## [TASK STATEMENT]
Each entry below needs to be transcribed verbatim; the images should not appear.
*** Opening EXTRACTED RECORDS ***
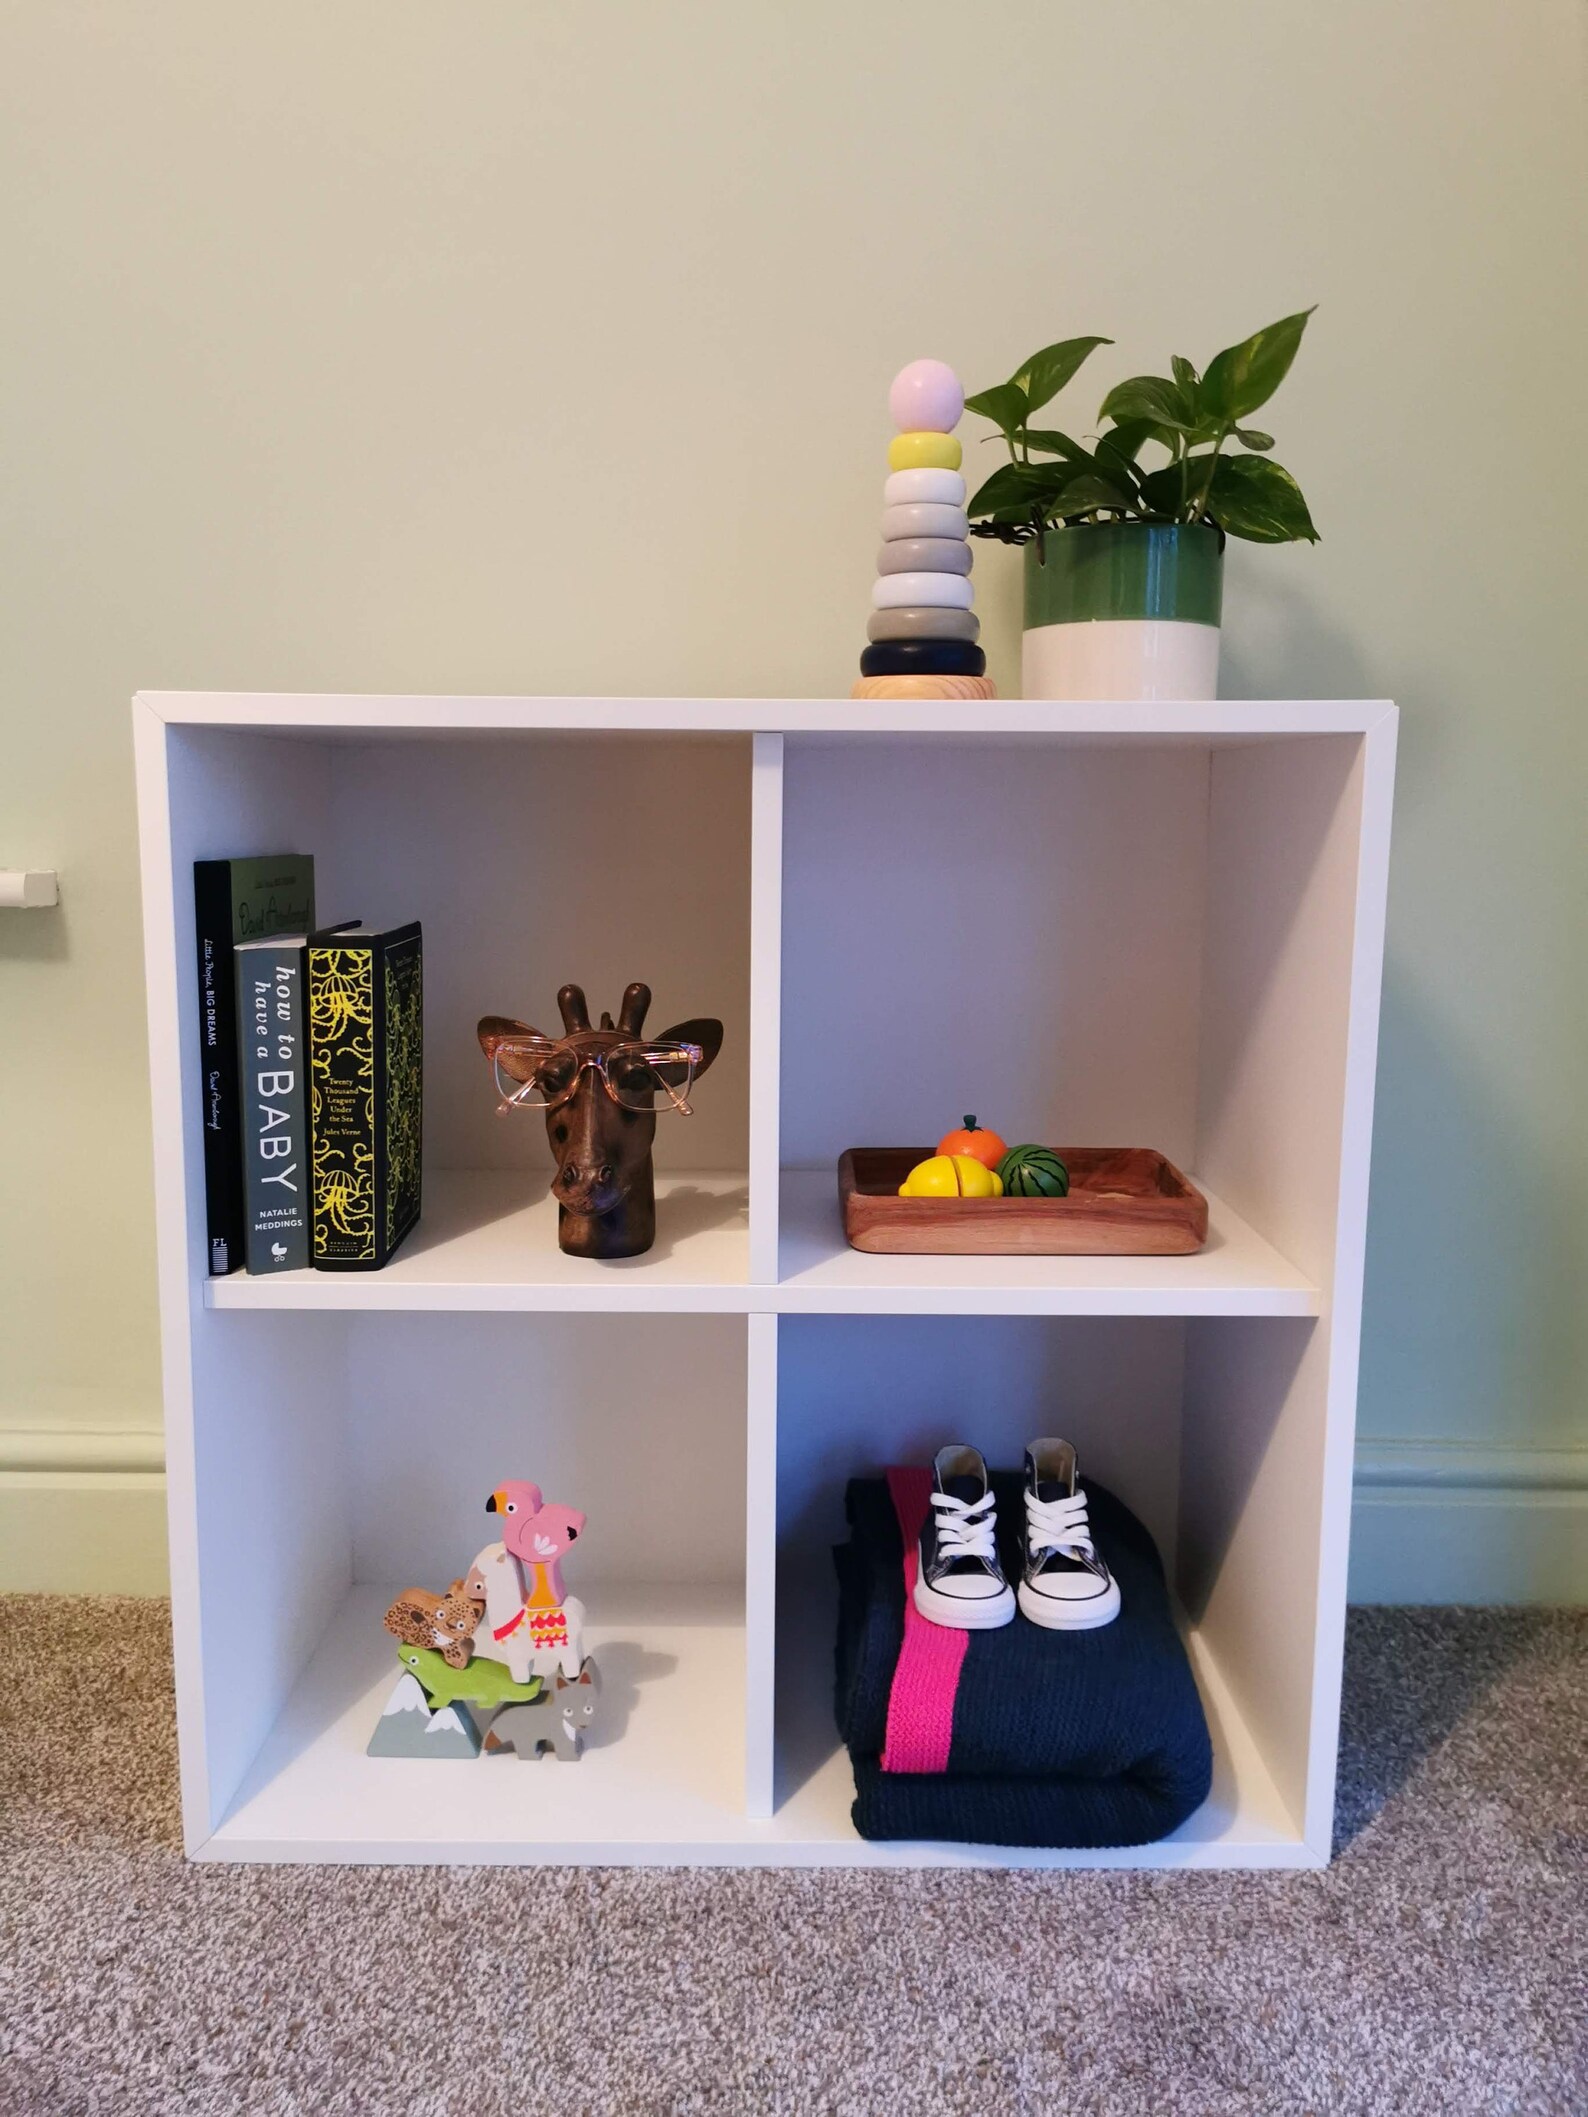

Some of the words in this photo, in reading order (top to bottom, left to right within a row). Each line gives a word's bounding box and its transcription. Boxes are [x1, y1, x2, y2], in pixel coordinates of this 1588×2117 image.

[206, 990, 215, 1006] BIG
[276, 966, 296, 1021] how
[254, 981, 271, 1036] have
[206, 1009, 216, 1046] DREAMS
[256, 1046, 269, 1059] a
[278, 1034, 295, 1060] to
[328, 1077, 353, 1087] Twenty
[323, 1086, 359, 1094] Thousand
[327, 1096, 356, 1105] Leagues
[257, 1070, 298, 1192] BABY
[323, 1128, 340, 1136] Jules
[260, 1208, 298, 1219] NATALIE
[254, 1219, 303, 1231] MEDDINGS
[212, 1238, 227, 1247] FL
*** Closing EXTRACTED RECORDS ***
## [PROBLEM SOLUTION]
Some of the words in this photo, in reading order (top to bottom, left to right within a row). Each line gives a word's bounding box and its transcription. Boxes are [x1, y1, x2, y2], in pixel coordinates of this 1588×2117 image.

[206, 990, 215, 1006] BIG
[276, 966, 296, 1021] how
[254, 981, 271, 1036] have
[206, 1009, 216, 1046] DREAMS
[256, 1046, 269, 1059] a
[278, 1034, 295, 1060] to
[328, 1077, 353, 1087] Twenty
[323, 1086, 359, 1094] Thousand
[327, 1096, 356, 1105] Leagues
[257, 1070, 298, 1192] BABY
[323, 1128, 340, 1136] Jules
[260, 1208, 298, 1219] NATALIE
[254, 1219, 303, 1231] MEDDINGS
[212, 1238, 227, 1247] FL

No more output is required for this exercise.